A new study identifies how water becomes ionized under electrochemical conditions.
Hydrogen is expected to play a major role in future energy systems, which makes a clear understanding of electrolysis increasingly important. Scientists at the Max Planck Institute for Polymer Research and the Yusuf Hamied Department of Chemistry at the University of Cambridge have taken a closer look at a closely related phenomenon known as water autodissociation.
Although the basic chemistry of how water splits is well understood under normal conditions, far less is known about how this process unfolds in the intense electric fields found inside electrochemical devices.
Why water rarely splits on its own
In the natural world, systems of all sizes follow a small set of fundamental rules. Objects move in ways that lower their energy, such as falling downward under gravity. At the same time, the balance between order and disorder also plays a crucial role. Over time, systems tend to become more disordered, a tendency that applies even at the molecular scale and is described by the concept of “entropy”.
Both energy and entropy shape how chemical reactions proceed. A process can occur spontaneously if it lowers energy or increases entropy, meaning greater disorder. Under everyday conditions, such as in a glass of water, water autodissociation is blocked on both fronts. It neither lowers energy nor increases disorder, which makes the reaction extremely rare. When strong electric fields are introduced, however, the situation changes and the reaction can speed up dramatically.
Electric fields flip the driving force
Researchers at the Max Planck Institute for Polymer Research and the Yusuf Hamied Department of Chemistry at the University of Cambridge have now identified an unexpected mechanism that controls water autodissociation under these powerful electric fields. Their results, published in the Journal of the American Chemical Society, challenge the long-held assumption that the reaction is governed mainly by energy alone.
“Water autodissociation has been extensively studied in bulk conditions, where it’s understood to be energetically uphill and entropically hindered,” says Yair Litman, group leader at the Max Planck Institute. “But under the strong electric fields typical of electrochemical environments, the reaction behaves very differently.”

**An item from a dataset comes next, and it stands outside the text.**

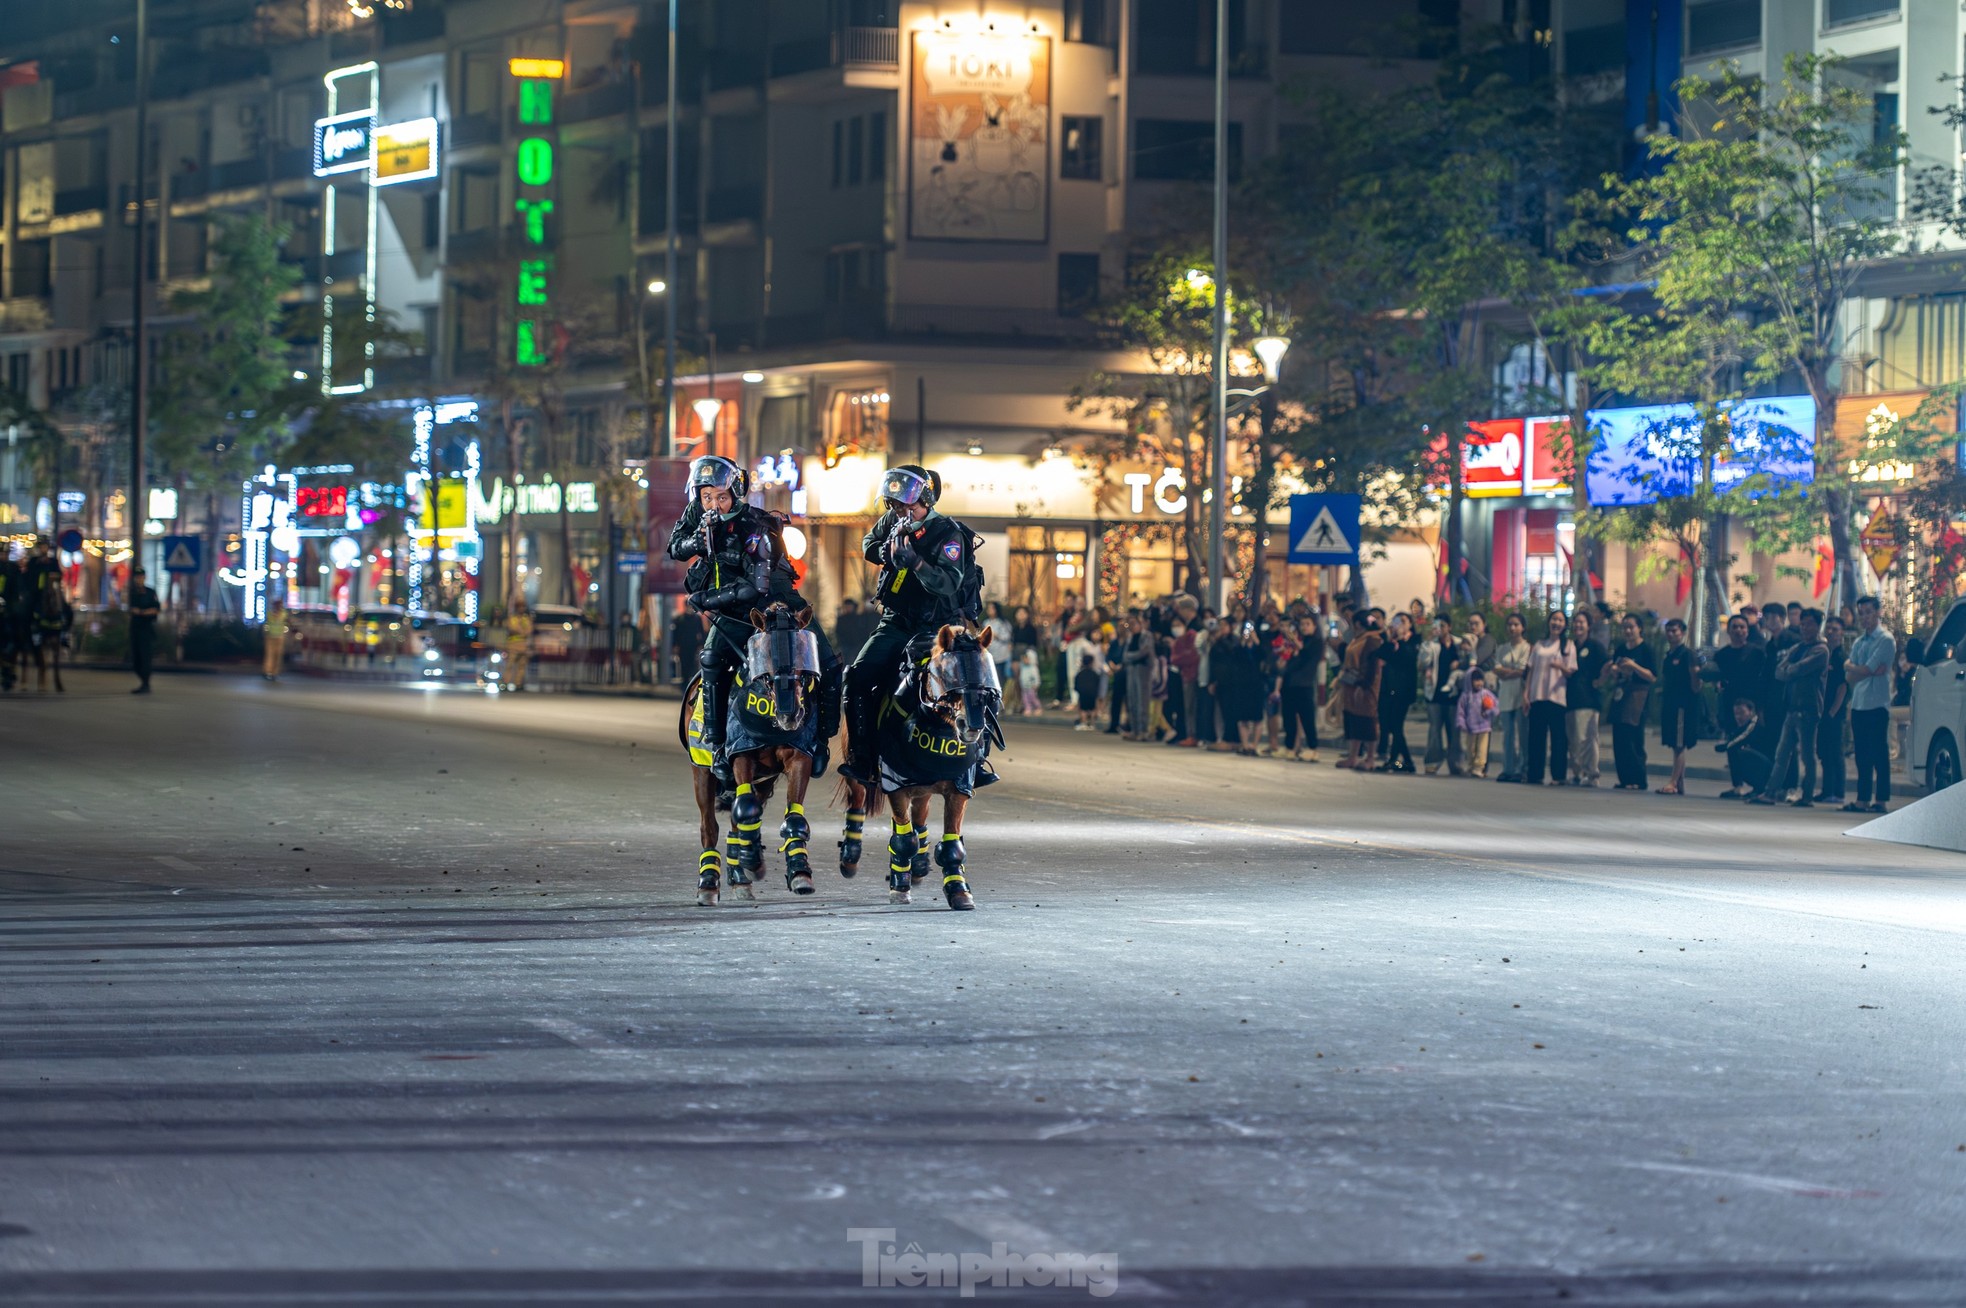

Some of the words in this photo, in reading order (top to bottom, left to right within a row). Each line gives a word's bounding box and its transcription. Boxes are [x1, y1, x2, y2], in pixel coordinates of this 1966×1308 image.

[516, 79, 554, 366] HOTEL
[746, 691, 781, 718] POL
[910, 725, 967, 757] POLICE

Using advanced molecular dynamics simulations, Litman and co-author Angelos Michaelides show that strong fields dramatically enhance water dissociation not by making the reaction more energetically favorable, but by making it entropically favorable. The electric field initially orders water molecules into a highly structured network. When ions form, they disrupt this order, increasing the system’s entropy or disorder which ultimately drives the reaction forward.
“It’s a complete reversal of what happens at zero field,” explains Litman. “Instead of entropy resisting the reaction, it now promotes it.”

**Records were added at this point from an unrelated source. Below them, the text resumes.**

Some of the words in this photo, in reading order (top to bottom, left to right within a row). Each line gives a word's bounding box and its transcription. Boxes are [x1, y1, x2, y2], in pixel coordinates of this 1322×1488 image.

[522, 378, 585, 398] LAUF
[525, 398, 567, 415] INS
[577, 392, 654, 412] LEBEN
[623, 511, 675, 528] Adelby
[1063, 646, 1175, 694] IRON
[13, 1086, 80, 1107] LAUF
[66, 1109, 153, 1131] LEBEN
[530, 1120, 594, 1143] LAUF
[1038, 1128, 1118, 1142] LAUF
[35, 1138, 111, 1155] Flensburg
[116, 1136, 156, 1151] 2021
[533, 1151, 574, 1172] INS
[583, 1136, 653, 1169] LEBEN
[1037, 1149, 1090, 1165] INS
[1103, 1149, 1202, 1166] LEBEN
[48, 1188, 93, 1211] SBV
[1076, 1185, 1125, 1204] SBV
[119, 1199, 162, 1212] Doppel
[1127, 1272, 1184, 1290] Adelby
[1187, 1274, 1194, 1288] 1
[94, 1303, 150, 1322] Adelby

Rethinking water splitting under bias
The study also shows that under strong electric fields, the pH of water can drop from neutral (7) to highly acidic levels (as low as 3), with implications for how we understand and design electrochemical systems.
“These results point to a new paradigm,” says Michaelides. “To understand and improve water-splitting devices, we need to consider not just energy, but entropy and how electric fields reshape the molecular landscape of water.”
The research highlights the need to rethink how reactivity is modeled in aqueous environments under bias and opens up new possibilities for catalyst design, particularly in electrochemical and “on-water” reactions.